For every entry below, give an exact repeat and leave out the pictures.

::: RECORDS :::

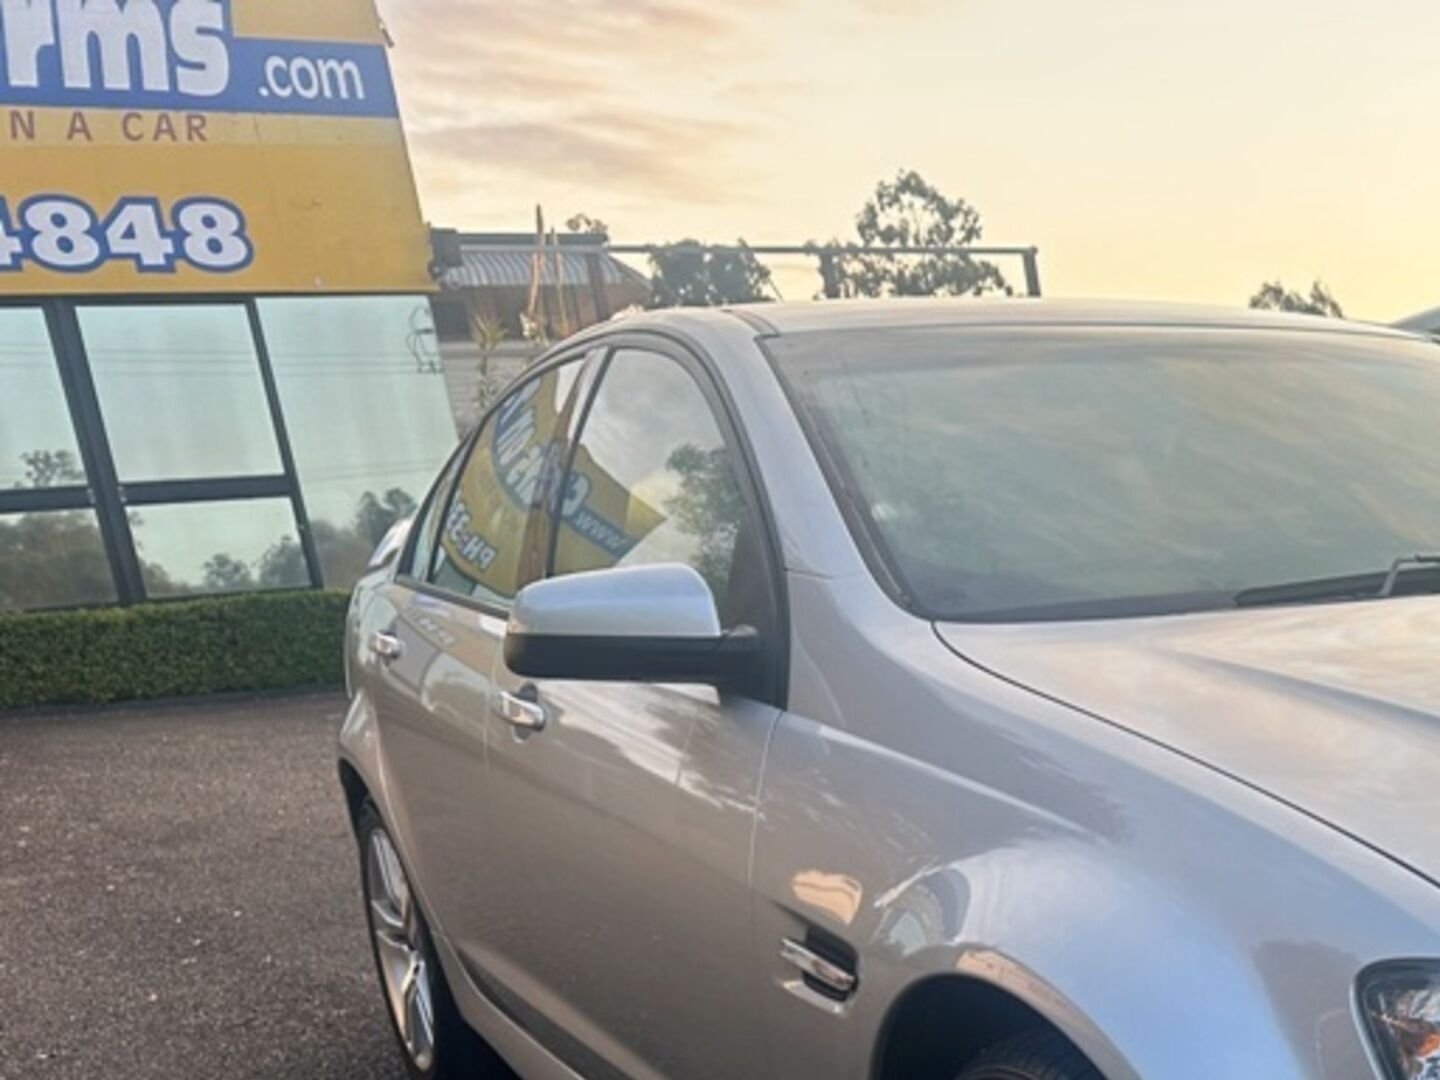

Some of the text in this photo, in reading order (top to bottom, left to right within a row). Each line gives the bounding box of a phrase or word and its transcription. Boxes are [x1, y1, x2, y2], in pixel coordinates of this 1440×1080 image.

[259, 56, 364, 99] .com
[66, 110, 93, 141] A
[121, 111, 208, 142] CAR
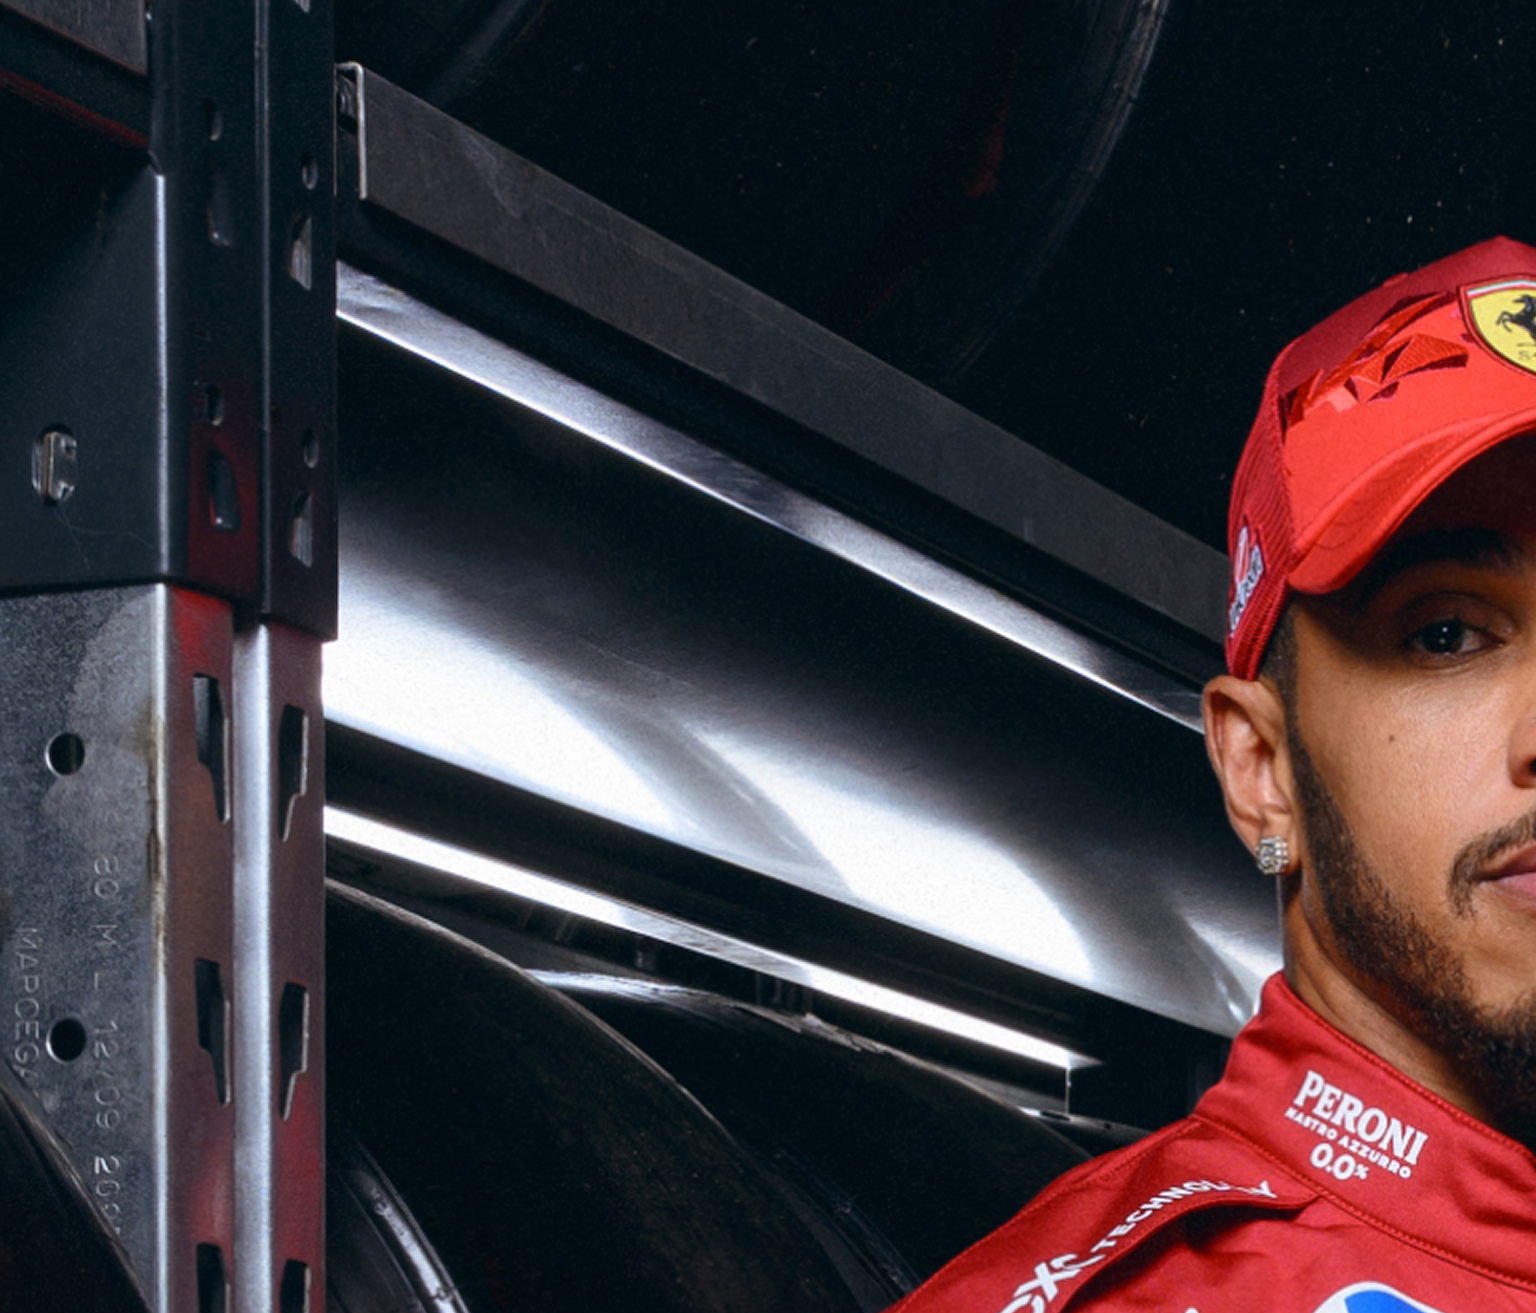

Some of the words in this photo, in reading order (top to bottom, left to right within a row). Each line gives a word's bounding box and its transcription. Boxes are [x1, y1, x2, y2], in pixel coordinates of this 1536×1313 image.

[1283, 1106, 1339, 1141] NASTRO
[1337, 1135, 1412, 1179] AZZURRO
[1292, 1069, 1429, 1166] PERONI
[1309, 1142, 1370, 1181] 0.0%
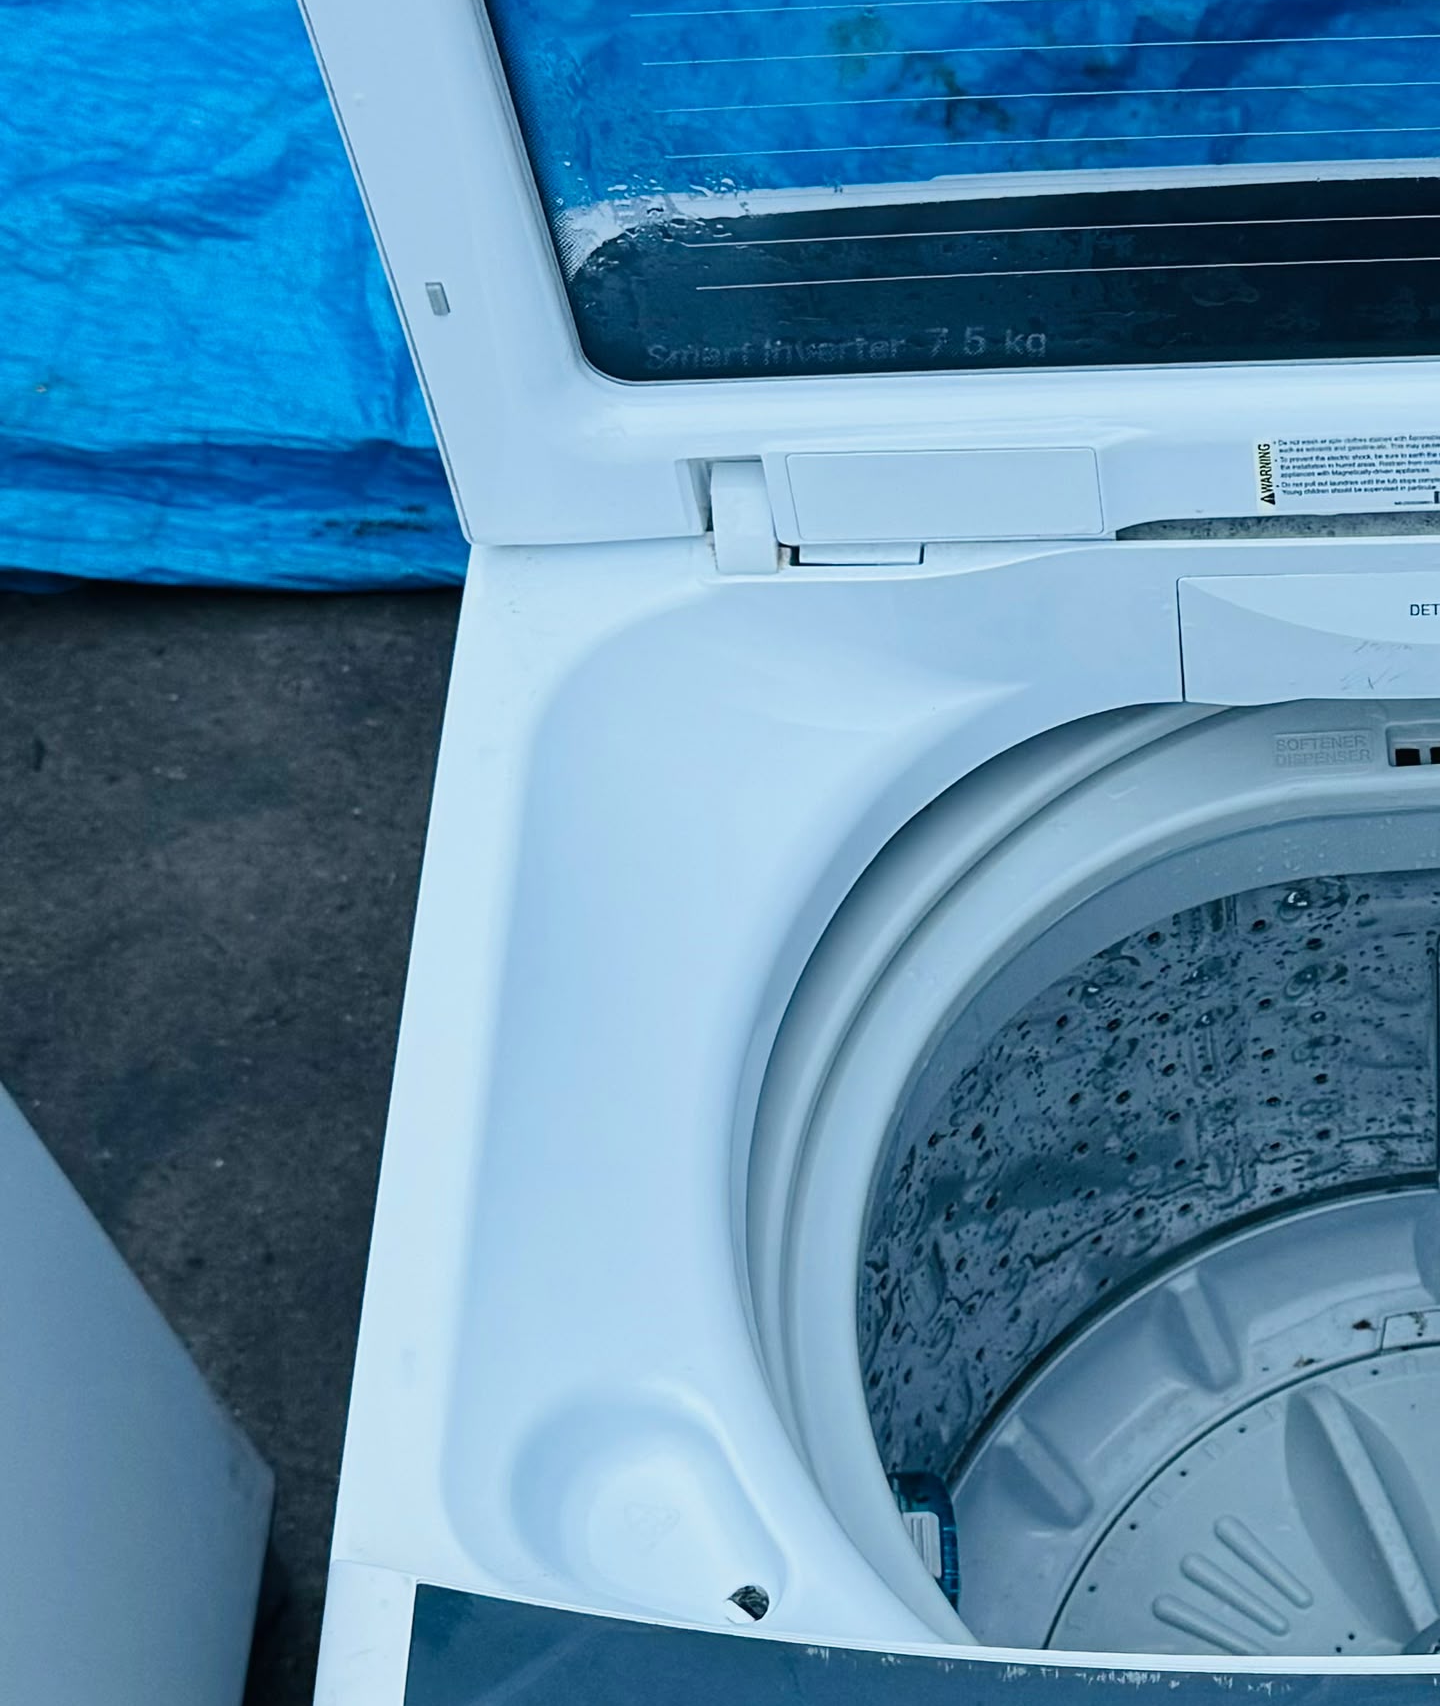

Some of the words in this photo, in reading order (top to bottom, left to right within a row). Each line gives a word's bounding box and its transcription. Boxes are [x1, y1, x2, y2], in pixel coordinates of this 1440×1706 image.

:::

▸ SOLUTION:
Some of the text in this photo, in reading order (top to bottom, left to right within a row). Each line gives the bounding box of a phrase or word and its transcription. Boxes are [x1, y1, x2, y2], in pixel coordinates of this 1440×1080 image.

[259, 56, 364, 99] .com
[66, 110, 93, 141] A
[121, 111, 208, 142] CAR

Some of the words in this photo, in reading order (top to bottom, left to right within a row). Each line gives a word's bounding box and its transcription. Boxes are [x1, y1, x2, y2], in pixel coordinates of this 1536×1313 image.

[1283, 1106, 1339, 1141] NASTRO
[1337, 1135, 1412, 1179] AZZURRO
[1292, 1069, 1429, 1166] PERONI
[1309, 1142, 1370, 1181] 0.0%

Some of the words in this photo, in reading order (top to bottom, left to right within a row). Each line gives a word's bounding box and its transcription. Boxes are [x1, y1, x2, y2], in pixel coordinates of this 1440×1706 image.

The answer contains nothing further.